- Born: 1941 (age 84–85) California
- Education: BFA from UCLA in 1963
- Known for: Photography
- Website: www.jeanpagliuso.com

= Jean Pagliuso =

Jean Pagliuso (born 1941) is an American photographer known for photographs of poultry and fashion.

== Biography ==
Pagliuso was born in California in 1941. She received her bachelor of fine arts from the University of California Los Angeles (UCLA) in 1963. Pagliuso's father raised chickens and her mother loved her flower garden. Her father's love for chickens influenced her work.

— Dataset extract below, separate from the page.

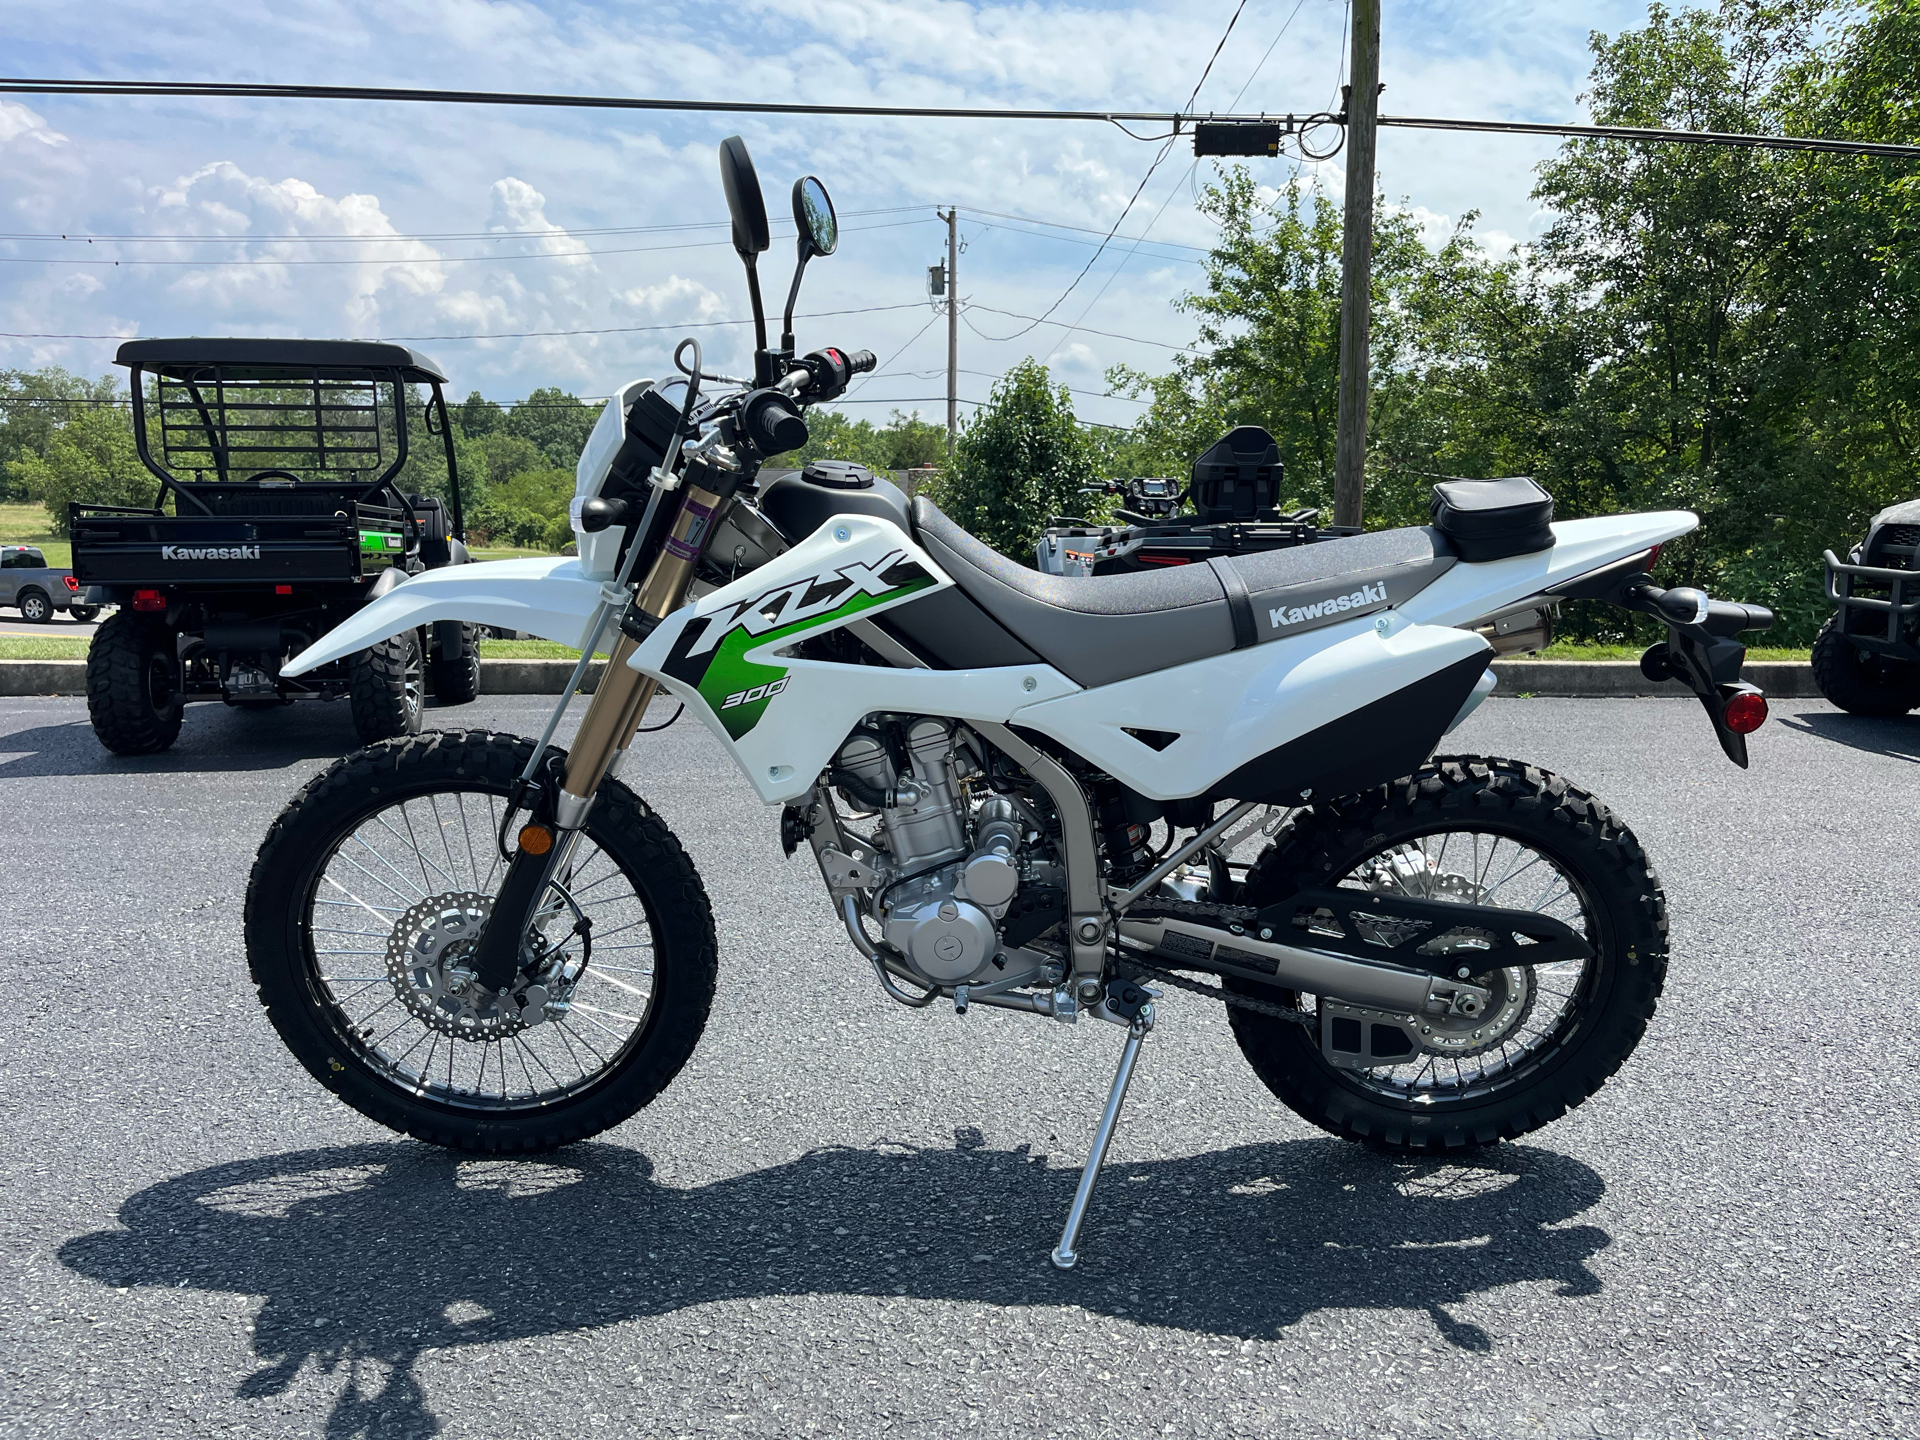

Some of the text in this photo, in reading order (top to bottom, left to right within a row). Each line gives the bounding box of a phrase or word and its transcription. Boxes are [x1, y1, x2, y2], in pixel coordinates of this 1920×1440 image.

Pagliuso has lived in New York and Los Angeles throughout her career. She now lives with her husband, Tom, and her daughter, Jesse, in Santa Fe, New Mexico and New York.

== Career ==
Pagliuso worked as the assistant art director for Mademoiselle Magazine. She also worked at the office of interiors for Morganelli Heumann and Associates.

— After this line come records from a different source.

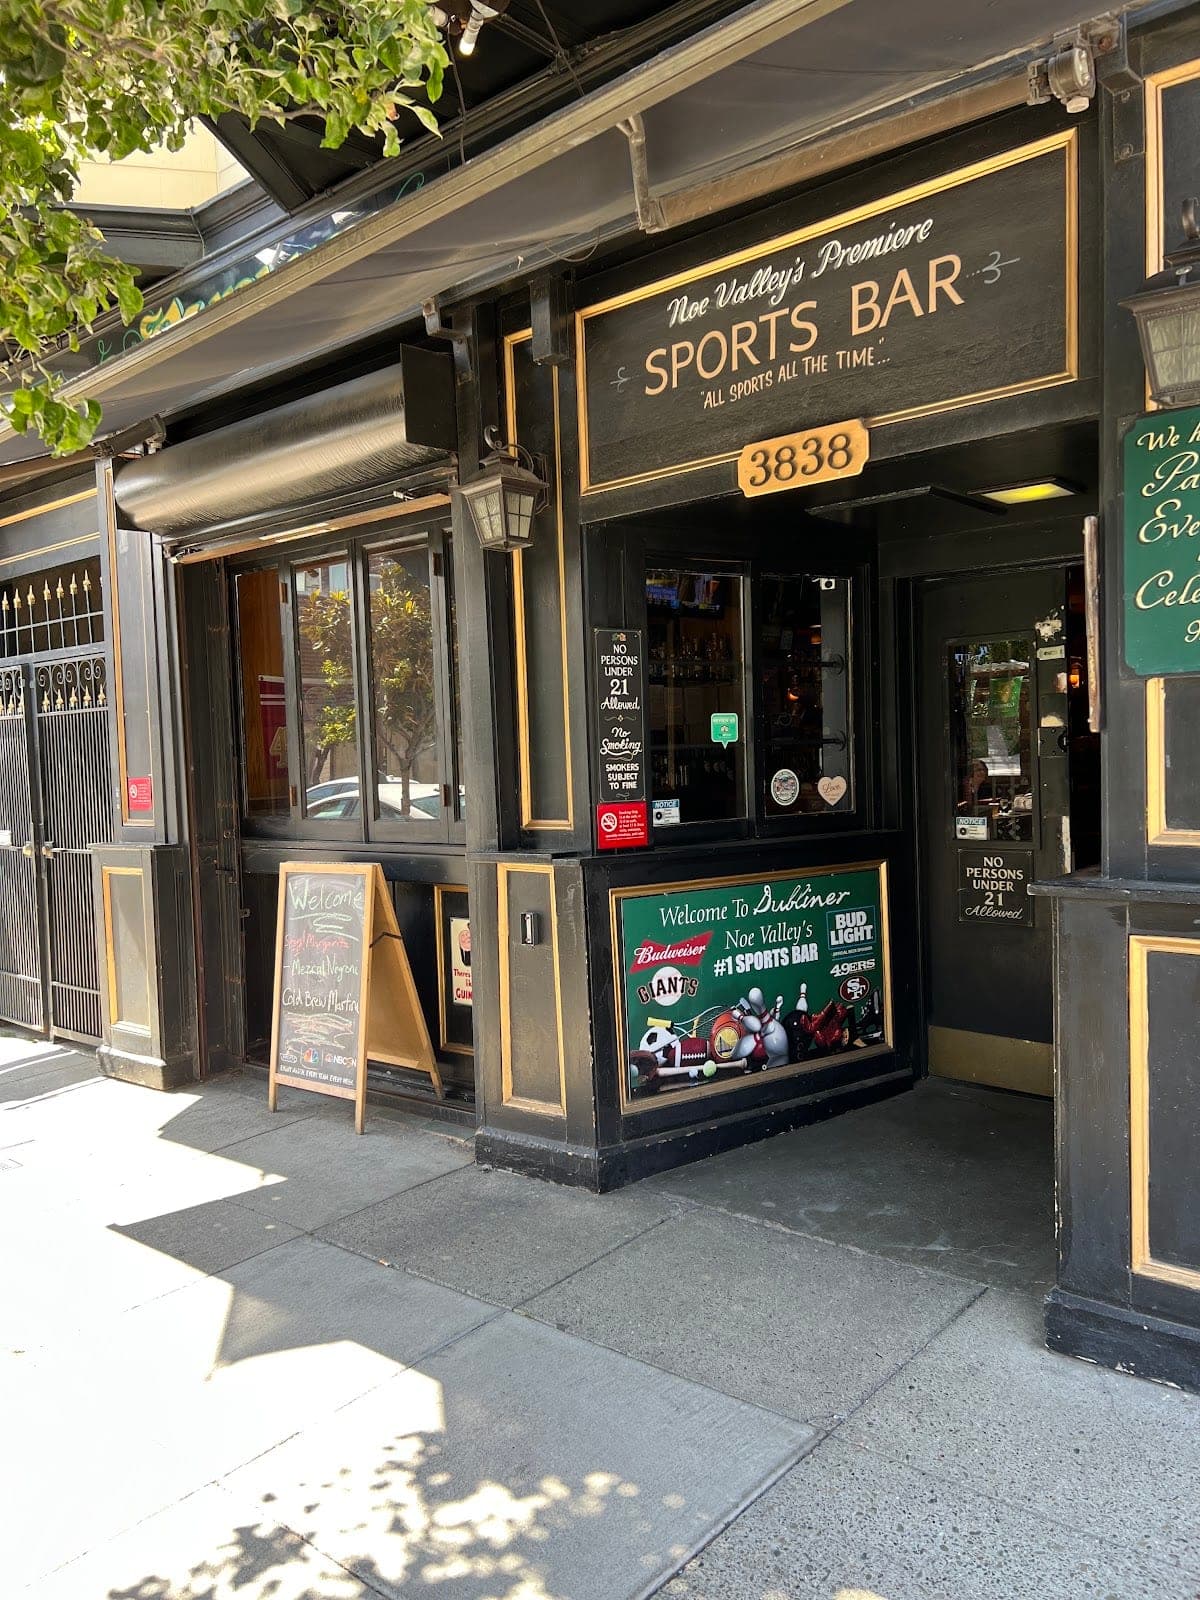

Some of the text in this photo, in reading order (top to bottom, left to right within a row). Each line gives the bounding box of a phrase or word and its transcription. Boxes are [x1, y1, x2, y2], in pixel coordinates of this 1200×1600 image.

[667, 218, 934, 328] Noe Valley's Premiere
[644, 254, 965, 396] SPORTS BAR
[729, 370, 773, 402] SPORTS
[778, 361, 798, 383] ALL
[802, 354, 828, 375] THE
[1136, 425, 1180, 451] We
[749, 433, 854, 487] 3838
[613, 644, 627, 654] NO
[600, 655, 638, 666] PERSONS
[604, 667, 634, 677] UNDER
[610, 678, 630, 696] 21
[611, 727, 632, 737] No
[600, 738, 643, 756] Smoking
[605, 763, 639, 772] SMOKERS
[607, 773, 638, 781] SUBJECT
[609, 781, 637, 790] TO FINE
[983, 856, 1004, 868] NO
[966, 867, 1024, 880] PERSONS
[288, 879, 363, 911] Welcome
[972, 880, 1015, 892] UNDER
[659, 883, 851, 928] Welcome To Dubliner
[984, 892, 1003, 906] 21
[835, 910, 867, 930] BUD
[965, 905, 1023, 919] Allowed
[724, 920, 813, 950] Noe Valley's
[830, 925, 874, 946] LIGHT
[633, 943, 706, 965] Budweiser
[713, 943, 819, 977] #1 SPORTS BAR
[830, 958, 876, 978] 49ERS
[282, 987, 303, 1006] Cold
[305, 991, 327, 1010] Brew
[637, 976, 699, 1004] GIANTS

In 1969, Pagliuso started her career in photography. She moved to New York in 1974. For the next 30 years, her photographs were printed in magazines including House & Garden, Interview, Italian Harpers Bazaar, Italian Vogue, Mademoiselle, Men's Journal, Newsweek, New York Times Magazine "fashion of Times," New York Magazine, Rolling Stone, Seventeen, Time, and Vogue. She worked on assignments for fashion editor Anna Wintour for 10 years and worked with many actors and celebrities such as Shelly Duvall, Jessica Lange, Meryl Streep, Jack Nicholson, and Robert Redford among others.

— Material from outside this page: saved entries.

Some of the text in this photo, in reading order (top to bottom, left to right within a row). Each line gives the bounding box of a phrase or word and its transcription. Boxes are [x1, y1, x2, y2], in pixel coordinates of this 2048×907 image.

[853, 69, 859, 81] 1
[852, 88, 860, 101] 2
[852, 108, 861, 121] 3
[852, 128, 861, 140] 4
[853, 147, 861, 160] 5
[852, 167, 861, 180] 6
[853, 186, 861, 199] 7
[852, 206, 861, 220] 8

Other collaborations include working with Robert Altman, Paramount Pictures, Universal Studios, Warner Brothers, 20th Century Fox, and Disney. While working with Robert Altman, she shoot stills on the sets of Thieves Likes Us, Buffalo Bill and the Indians, Nashville, and Popeye.

== Photography ==
The Poultry Suite is one of her most well-known photographic series. The Poultry Suite is a collection of photographs of chickens. She decided to take these chicken portraits in honor and memory of her father after his passing. He had raised chickens that were shown annually in the Pomona State Fair (now L.A. County Fair) when she was a little girl. Shooting with a Hasselblad camera in her Chelsea, Manhattan studio, Pagliuso photographed chickens from an animal talent agency since all of her father's chickens had been given away by the time she decided to start the project. She uses a low shutter speed and open aperture giving the images a softer quality. To achieve an effect of graphite drawings, she prints the images onto handmade Thai Mulberry paper in her darkroom. A process that is delicate and labor-intensive.

== Exhibitions ==
The Poultry Suite series of work has been shown at the Mary Ryan Gallery in New York frequently, most recently as a retrospective titled "In Plain Sight" and was turned into a monogram published by Hirmer Publishers. The series was also featured in a retrospective solo exhibition, "Poultry, Raptors, Places of Ritual" at the Florida Museum of Photographic Arts in Tampa. The Drawing Room also showed the work in a notable 2006 show of The Poultry Suite, and again in 2009 with an addition of The Raptor Suite, that included the addition of seven owl photographs.